Foi a sua primeira viagem oficial. Continuava o Papa: “Quem é o responsável
pelo sangue destes irmãos? Ninguém. Todos respondemos: não fui eu, eu não tenho
nada que ver, serão outros, mas eu não. Hoje ninguém se sente responsável,
perdemos o sentido da responsabilidade fraterna, caímos no comportamento
hipócrita (…). Olhamos para o irmão meio morto à margem da caminho e talvez
pensamos: coitadinho, e continuamos o nosso caminho, que é assunto nosso, e
assim nos sentimos tranquilos. A cultura do bem-estar, que nos leva a pensar só
em nós mesmos, converte-nos em insensíveis ao grito dos outros, faz-nos viver
em bolhas de sabão, que são bonitas, mas são inúteis, não são nada…”. Diante do
pecador, esta globalização da indiferença se faz mais culpável e nos converte
em cúmplice dos pecados dos nossos irmãos: “Por acaso sou guardião do meu
irmão?” – exclamou Caim a Deus quando lhe pediu contas do sangue do seu irmão
Abel. Sim, somos guardiões e temos que ajudar os nossos irmãos a sair do pecado
e aproximá-los do Salvador.
Finalmente, contemplemos a última forma de ver o pecador: o
perdão. Eis Jesus. Enquanto Jesus vir arrependimento, as suas entranhas se
comovem. De entrada digamos que a misericórdia de Deus, encarnada em Cristo,
escandalizou os juristas e fariseus do seu tempo. Dizia o pregador dos
exercícios espirituais deste ano 2016 ao Papa e à cúria romana que os fariseus
de todas as épocas colocam o pecado “no centro da relação com Deus”, porém “a
Bíblia não é um ídolo ou um totem”; exige “inteligência e coração”. Os poderes
que não duvidam em usar uma vida humana e a religião “colocam Deus contra o
homem”. E esta é “a tragédia do integrismo religioso”. “O Senhor não suporta os
hipócritas, os que levam máscaras, os que têm coração duplo, os comediantes da
fé e não suporta os acusadores e os juízes”. O gênio do cristianismo esta, pelo
contrário, no abraço entre Deus o homem. “Já não se opõem”, “matéria e espírito
se abraçam”. A doença que Jesus mais teme e combate é “o coração de pedra” dos
hipócritas: “violar um corpo, culpável ou inocente, com as pedras ou com o
poder, é a negação de Deus que vive nessa pessoa”. Que liturgia penitencial tão
linda realizou essa mulher pecadora com Jesus na casa do “justo” fariseu: lavou
os pés de Jesus com as suas lágrimas de arrependimento, enxugou-os com os seus
cabelos de bondade, beijou-os com os seus lábios de ternura e os ungiu com o
perfume do seu amor!
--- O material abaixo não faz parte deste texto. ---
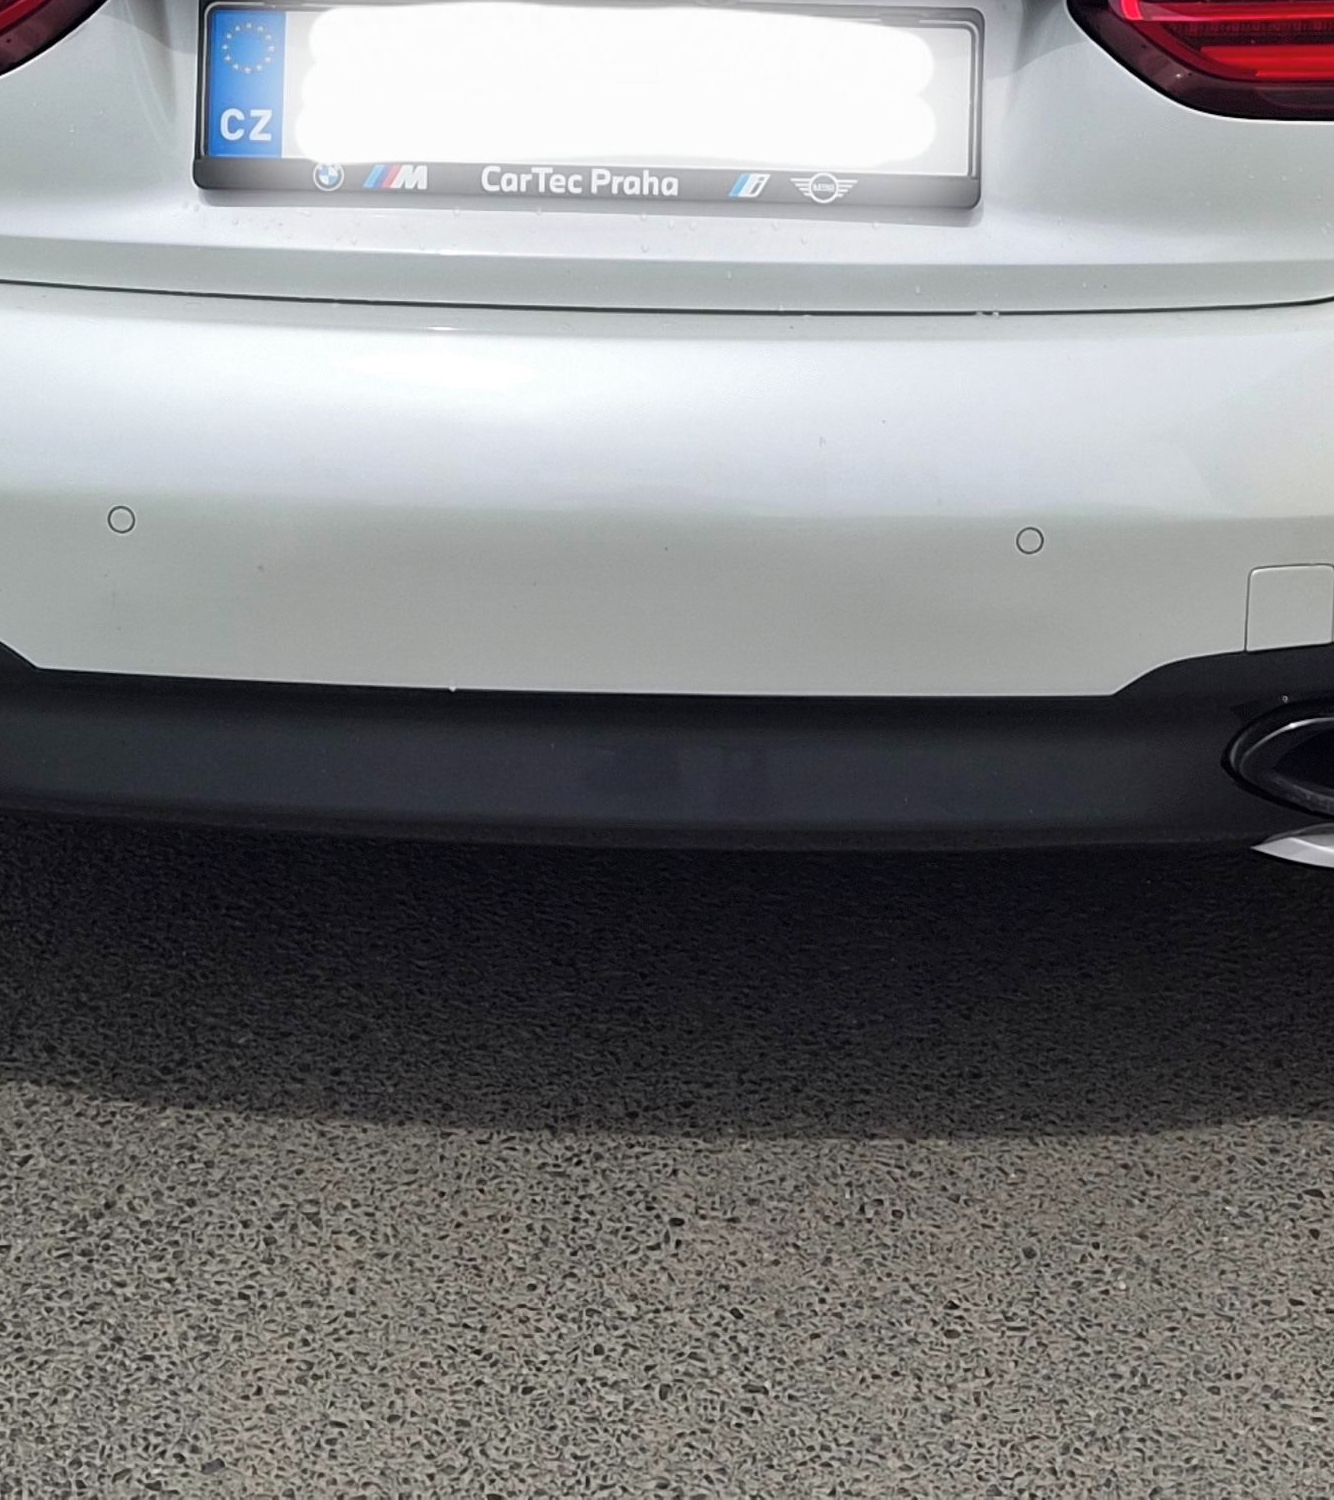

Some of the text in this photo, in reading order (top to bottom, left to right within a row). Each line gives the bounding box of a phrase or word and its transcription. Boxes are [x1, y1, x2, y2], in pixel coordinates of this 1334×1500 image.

[220, 108, 272, 141] CZ
[388, 164, 428, 190] M
[481, 165, 679, 197] CarTec Praha
O que outrora lhe serviu para pecar, agora, arrependida,
deixa aos pés de Jesus. Mulher nova, redimida, perdoada, levantada, purificada.
Sentiu-se não só perdoada, mas honrada com os elogios de Jesus devido aos seus
gestos.
Para refletir: Qual destas três posturas eu tenho diante do
pecador: condena, indiferença ou perdão? Rezo pelos pecadores? Reconheço-me
pecador e me abro à misericórdia de Deus na confissão? Pensemos nesta resposta
que o Papa Francisco deu numa entrevista que lhe fizeram na casa Santa Marta em
dezembro de 2014:
A renovação da Igreja a qual o senhor chama desde que foi
eleito aponta também a buscar estas ovelhas perdidas e a frear essa sangria de
fiéis?
Não gosto de usar essa imagem da “sangria” porque é uma
imagem muito ligada ao proselitismo. Não gosto de usar termos ligados ao
proselitismo porque não é a verdade. Gosto de usar a imagem de hospital de
campo: tem gente muito ferida que está esperando irmos para curar as feridas,
feridas por mil motivos. E temos que sair para curar as feridas. Tem gente
ferida por desatenção, por abandono da Igreja mesma, gente que está sofrendo
horrores…
Para rezar: Salmo 50 (51)
Tende piedade de mim, ó Deus, pela vossa bondade,
Por vosso grande coração, apaga a minha culpa.
Que a minha alma fique limpa de malícia,
Purificai-me do meu pecado.
Pois a minha falta eu a conheço bem
E meu pecado está sempre diante de Vós;
Contra Vós, só contra Vós que eu pequei,
Pratiquei o que é mal aos vossos olhos.